For this exercise, reproduce the records exactly as they stand and do not carry any images over.

▶ _Images for object localization_:
>>>>>

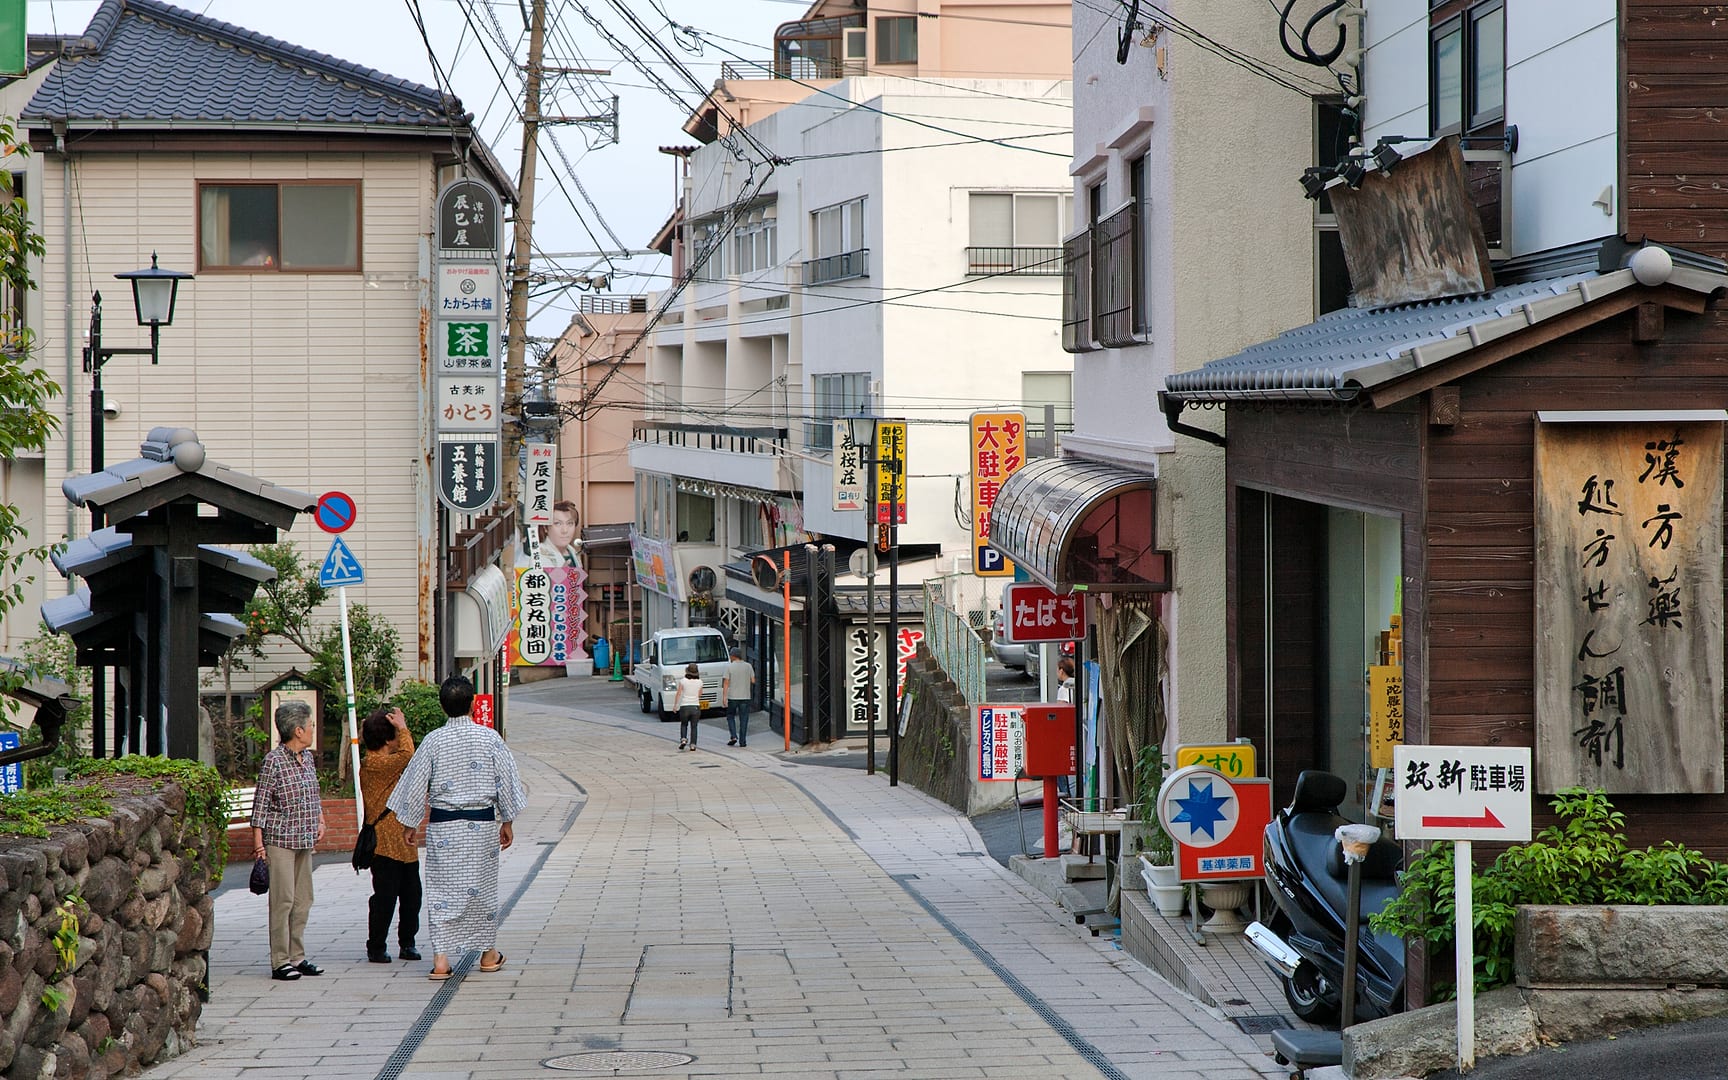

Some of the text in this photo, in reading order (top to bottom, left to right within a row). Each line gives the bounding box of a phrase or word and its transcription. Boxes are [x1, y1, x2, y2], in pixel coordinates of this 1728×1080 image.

[452, 194, 470, 246] 辰巳屋
[443, 297, 492, 311] たから本舗
[454, 326, 483, 354] 茶
[449, 384, 486, 396] 古美術
[443, 403, 493, 421] かとう
[531, 461, 551, 512] 辰巳屋
[985, 549, 1000, 569] P
[525, 574, 546, 654] 都若丸劇団
[553, 584, 567, 661] いらっしゃいませ
[1015, 598, 1079, 628] たばこ
[1386, 685, 1403, 742] 陀羅尼助丸
[982, 710, 992, 777] テレビカメラ監視中
[994, 713, 1008, 774] 駐車厳禁
[1201, 857, 1251, 871] 基準薬局

<<<<<

▶ _Answer to the problem_:
Some of the text in this photo, in reading order (top to bottom, left to right within a row). Each line gives the bounding box of a phrase or word and its transcription. Boxes are [x1, y1, x2, y2], in pixel coordinates of this 1728×1080 image.

[452, 194, 470, 246] 辰巳屋
[443, 297, 492, 311] たから本舗
[454, 326, 483, 354] 茶
[449, 384, 486, 396] 古美術
[443, 403, 493, 421] かとう
[531, 461, 551, 512] 辰巳屋
[985, 549, 1000, 569] P
[525, 574, 546, 654] 都若丸劇団
[553, 584, 567, 661] いらっしゃいませ
[1015, 598, 1079, 628] たばこ
[1386, 685, 1403, 742] 陀羅尼助丸
[982, 710, 992, 777] テレビカメラ監視中
[994, 713, 1008, 774] 駐車厳禁
[1201, 857, 1251, 871] 基準薬局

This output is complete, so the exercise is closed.